Iain: So one’s coming from up here [pointing above the head] and one’s emerging from here [pointing to body].
Helen: Indeed. And the other is conditioned and cognitive emotional in nature. So between conditioned reality and unconditioned knowing I was very busy in my groups trying to put these two things together. And at the University where I taught, which was John F Kennedy University School of Consciousness – the first school of consciousness in the U.S. – many of the teachers came to Naranjo’s class to discover this bridge that he was putting together between mystical traditions’ view of the human person and psychological nomenclature. He was trying to put the two together.
Iain: And that was unique at the time relatively speaking?
Helen: Oh, it was revolutionary, it was revolutionary. The word ‘mysticism’ was a bad word, which is why I was flooded with nuns and priests because those with mystical inclination – why they had taken on a vocation in the first place – were massively disappointed to realise that they had essentially a desk job.
Helen: And there was no training for this inward turn.
Iain: So at the time – I’m interested – how did you work in teaching intuition?
Helen: Hmm. Well, it’s a very different state of mind than ordinary cognition or emotional life, so the first move would be to get sufficiently empty, so that thoughts and emotions are receded in your field of perception.
Iain: So when you say “receded,” mind’s saying they’re not prominent but they’re still there to some degree?
Helen: They are on the horizon. They are available on need but they are not foreground in your attention.
Iain: Well that requires a lot of work and time.

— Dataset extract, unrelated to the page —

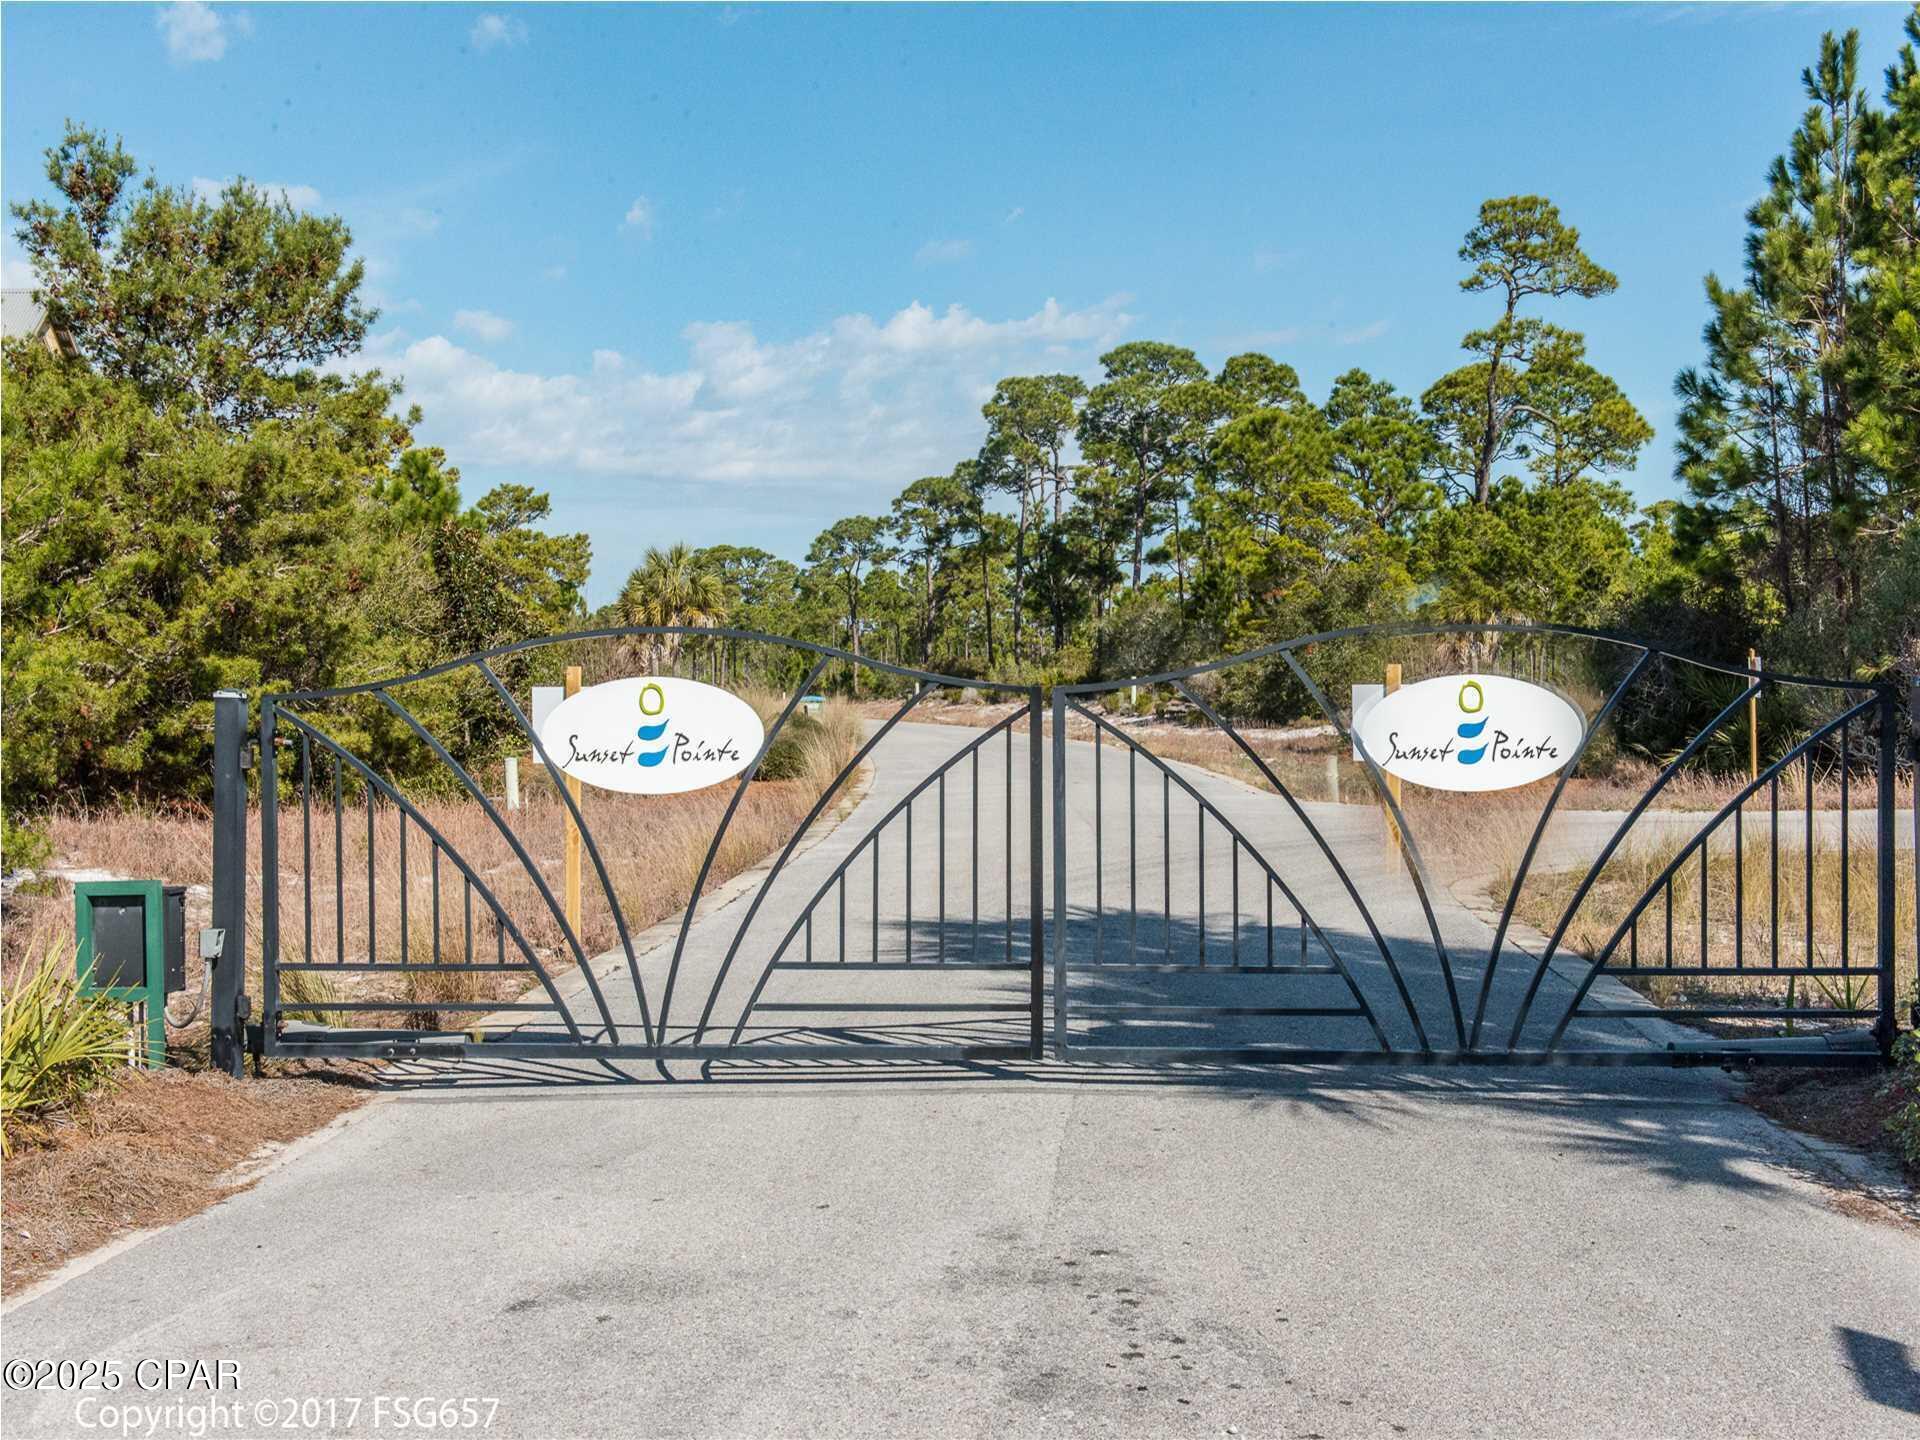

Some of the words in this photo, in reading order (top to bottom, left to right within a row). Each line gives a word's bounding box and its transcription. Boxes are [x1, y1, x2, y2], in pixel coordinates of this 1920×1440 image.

Helen: Not necessarily. Because what I was getting from the Enneagram right early in the beginning of time was that the structures – the psychological structure – of thoughts, emotions, sensation, which we knew about could be observed and witnessed internally. Which is what emptying practice is about and I just use that word generally because I'm not steeped in the tradition of ‘emptying’ so I call it emptying practice, rather than Vipassana, or Zen, or one of the definitive versions of how to achieve emptiness.
Iain: Let’s look at practically what ‘witnessing internally’ actually means.
Helen: Just to get silent and empty.
Iain: Well, hang on. That’s easy to say, it’s not so easy to do in this body in this busy world, to get silent and empty.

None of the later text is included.